INPUT FOR THIS TASK –
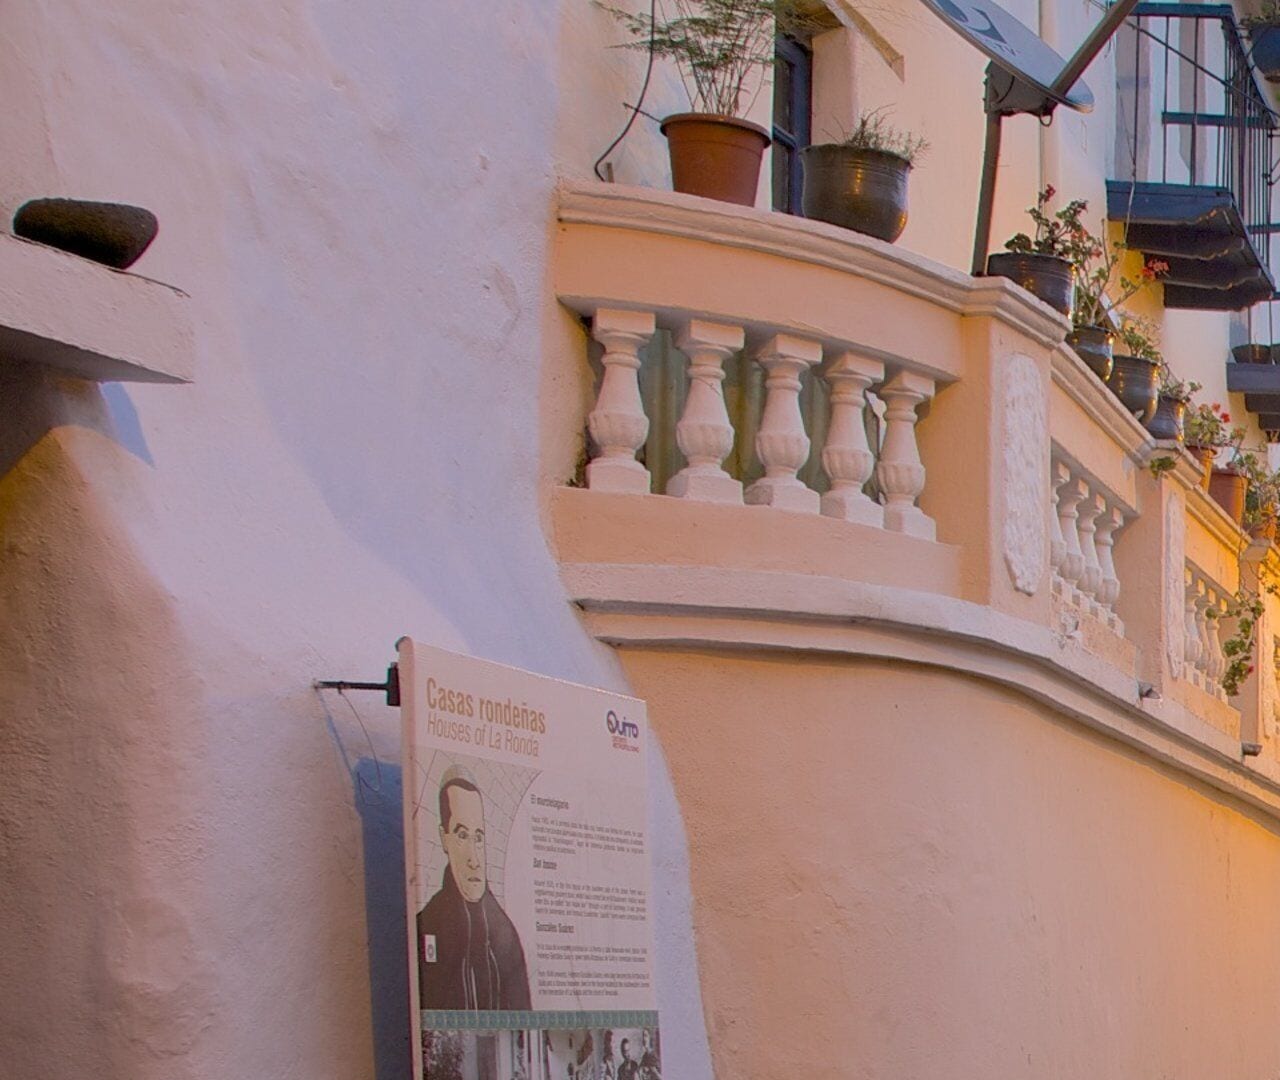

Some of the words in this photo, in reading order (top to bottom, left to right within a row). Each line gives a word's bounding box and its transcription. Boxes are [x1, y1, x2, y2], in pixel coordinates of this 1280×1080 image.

[426, 677, 474, 718] Casas
[479, 697, 546, 734] rondeñas
[606, 710, 639, 739] Quito
[427, 712, 471, 744] Houses
[474, 724, 487, 746] of
[488, 725, 501, 750] La
[504, 729, 540, 757] Ronda

PROBLEM DETAILS – Pictures are to be omitted; set down the rest of the entries exactly as given.

RESULT BELOW –
Some of the words in this photo, in reading order (top to bottom, left to right within a row). Each line gives a word's bounding box and its transcription. Boxes are [x1, y1, x2, y2], in pixel coordinates of this 1280×1080 image.

[426, 677, 474, 718] Casas
[479, 697, 546, 734] rondeñas
[606, 710, 639, 739] Quito
[427, 712, 471, 744] Houses
[474, 724, 487, 746] of
[488, 725, 501, 750] La
[504, 729, 540, 757] Ronda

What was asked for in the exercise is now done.